At least 30 acid-fast bacilli other than those causing tuberculosis and leprosy have been identified. These are known as atypical mycobacteria (ATM). About a dozen of these may cause cutaneous disease; they are found worldwide in water, moist soil, house dust, dairy products, cold-blooded animals, vegetation, and human feces.
The most common of those causing disease in humans (usually the immunocompromised) are Mycobacterium marinum, Mycobacterium haemophilum, Mycobacterium kansasii, and the rapidly growing members of the Mycobacterium fortuitum complex (M. fortuitum, Mycobacterium chelonae / abscessus group and Mycobacterium smegmatis). Disease with Mycobacterium avium intracellulare is described separately. Mycobacterium ulcerans is a common disease in tropical areas, but does not seem to increase in incidence with immunosuppression. A few other ATM species are sometimes reported in human immunodeficiency virus (HIV)-infected patients but rarely cause disease in the immunocompetent host.
Infection is acquired by inhalation, ingestion, or percutaneous penetration (including tattoos). Clinical presentation of disease depends upon the species, method of acquisition, and the host immune state.
Infection presents as pulmonary disease, lymphadenitis, skin and soft tissue infection (the most common presentation in the immunocompetent), or disseminated disease.
Infection with these organisms is being increasingly recognized, particularly in HIV-infected patients with disseminated disease. The immunocompromised and the elderly are more at risk. Underlying factors include HIV, autoimmune disease, renal or cardiac transplantation, preceding lung disease, and chemotherapy.
Cutaneous lesions may be painful, as is joint involvement. Patients with pulmonary disease may have a chronic cough and hemoptysis. Those with disseminated disease may present with fatigue, night sweats, and weight loss. Signs of disease include lymphadenopathy, fever, rales, rhonchi, joint edema and erythema, heart murmur, and keratitis or corneal ulceration.
Mycobacterium marinum (fish-tank or swimming pool granuloma) The organism occurs worldwide in fresh and saltwater. It is probably pathogenic in only abraded skin. Occupational or recreational water exposure occurs in the majority of cases. Skin lesions appear 2-3 weeks after inoculation (but may occur months later). Lymph nodes may be enlarged, and lesions may be multiple in a sporotrichoid pattern. Tenosynovitis, osteomyelitis, and septic arthritis may occur. Dissemination may occur in the immunocompromised. In the immunocompetent, lesions may spontaneously resolve. Disease is usually successfully treated.

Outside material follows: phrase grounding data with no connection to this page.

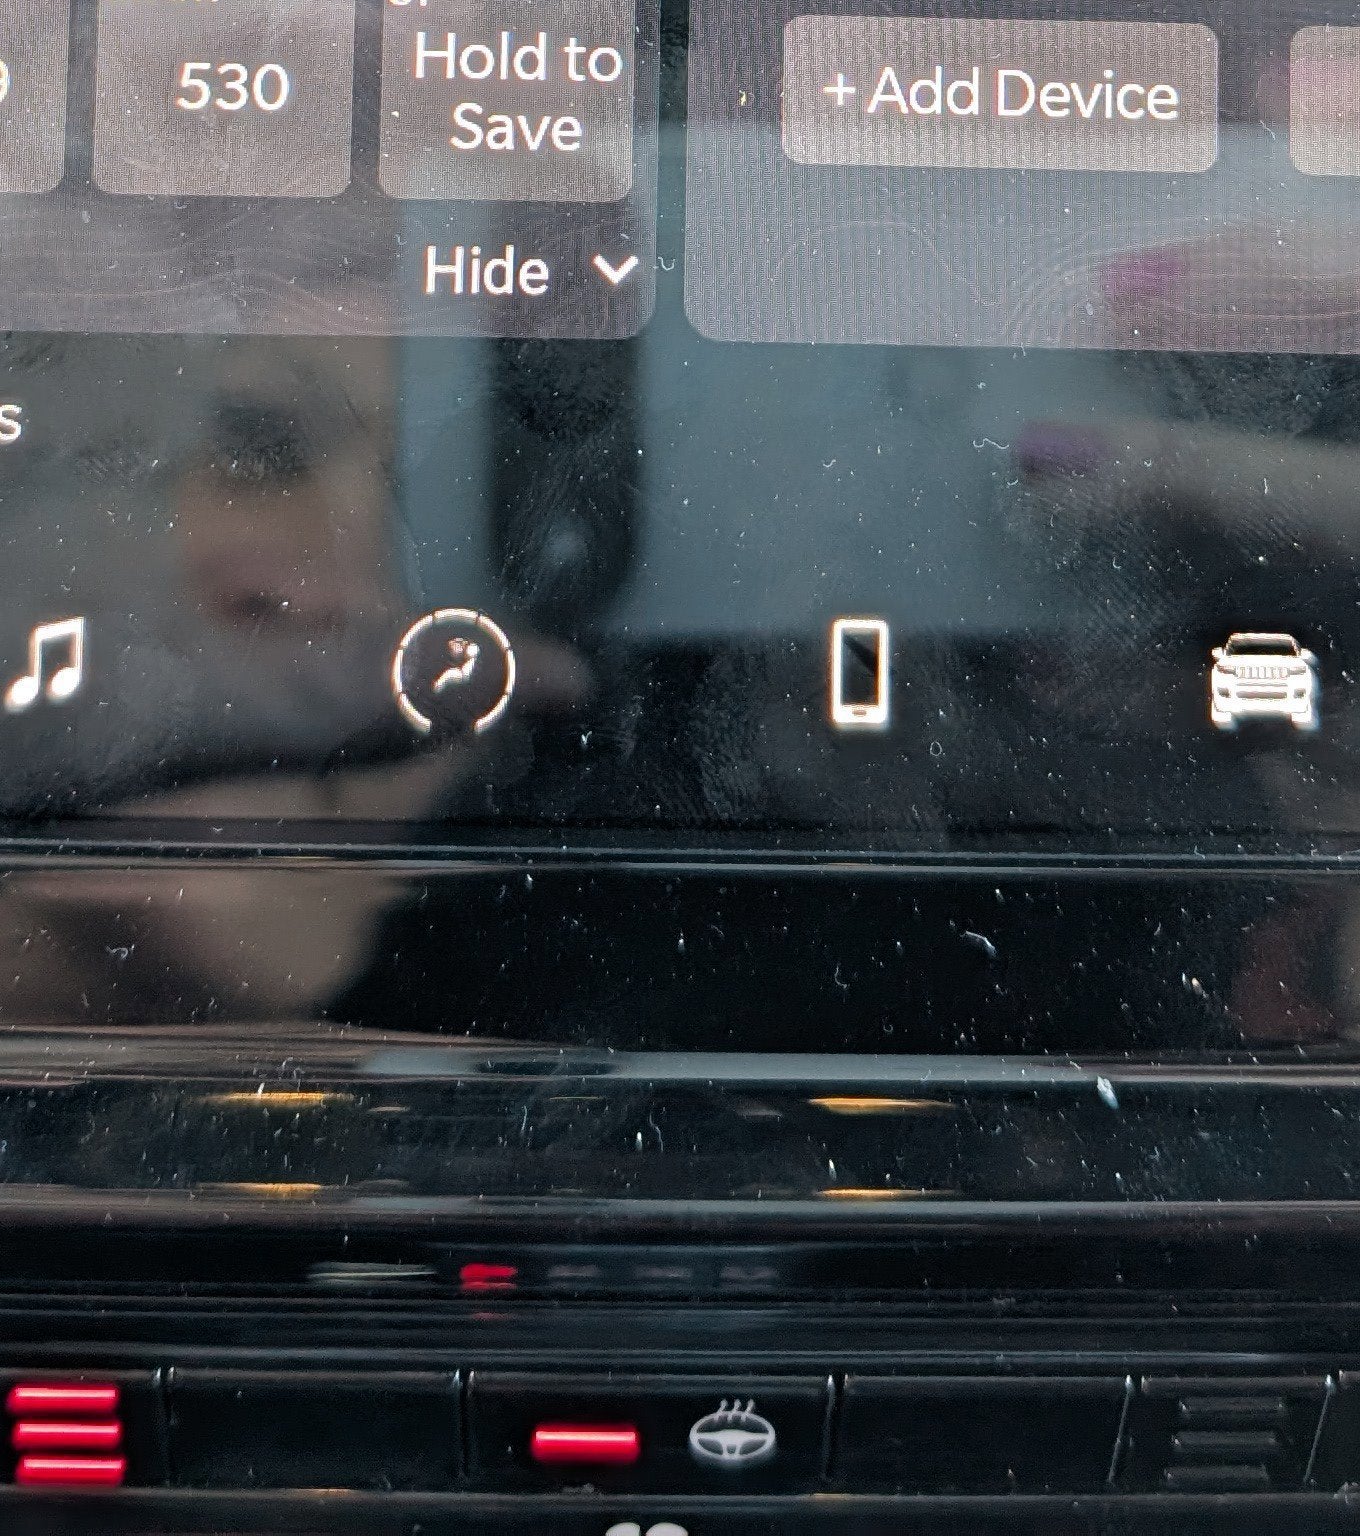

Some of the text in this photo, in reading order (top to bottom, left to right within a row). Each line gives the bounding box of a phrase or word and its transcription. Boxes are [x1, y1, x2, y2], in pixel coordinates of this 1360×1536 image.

[414, 31, 623, 84] Hold to
[176, 62, 290, 111] 530
[867, 66, 980, 116] Add
[996, 68, 1180, 122] Device
[452, 102, 583, 152] Save
[424, 246, 549, 296] Hide

Mycobacterium kansasii The organism is ubiquitous but more commonly reported from temperate zones (particularly the United States, United Kingdom, northern France, and Belgium). It usually causes pulmonary disease in middle-aged men with preceding pulmonary disease. It rarely causes cutaneous disease, but the majority of these cases are in the immunocompromised (chemotherapy, autoimmune disease, AIDS, or solid organ transplantation). Skin lesions may be localized or disseminated. After M. avium intracellulare, M. kansasii is the most frequent cause of disseminated mycobacteriosis in AIDS-infected patients.
Mycobacterium fortuitum complex, M. chelonae / abscessus, and M. smegmatis These rapidly growing mycobacteria cause skin, soft tissue, bone, and pulmonary infection. They are widely distributed in soil and water as well as sometimes being commensals on the skin surface. Infection has also been associated with the use of contaminated whirlpool footbaths during pedicures at nail salons. Infection of the immunocompetent host is usually confined to local cutaneous abscess formation. Immunocompromised patients often lack a history of trauma and may present with disseminated disease with skin lesions, cervical lymphadenitis, keratitis, osteomyelitis, and endocarditis.
Mycobacterium haemophilum This organism found in soil and water may cause skin, joint, or less often, pulmonary disease in the immunocompromised (particularly with HIV infection, transplants, hematologic malignancy, and after immunosuppressive therapy). Lesions are often multiple, tender, and may be accompanied by weight loss, tenosynovitis, osteomyelitis, or pulmonary symptoms.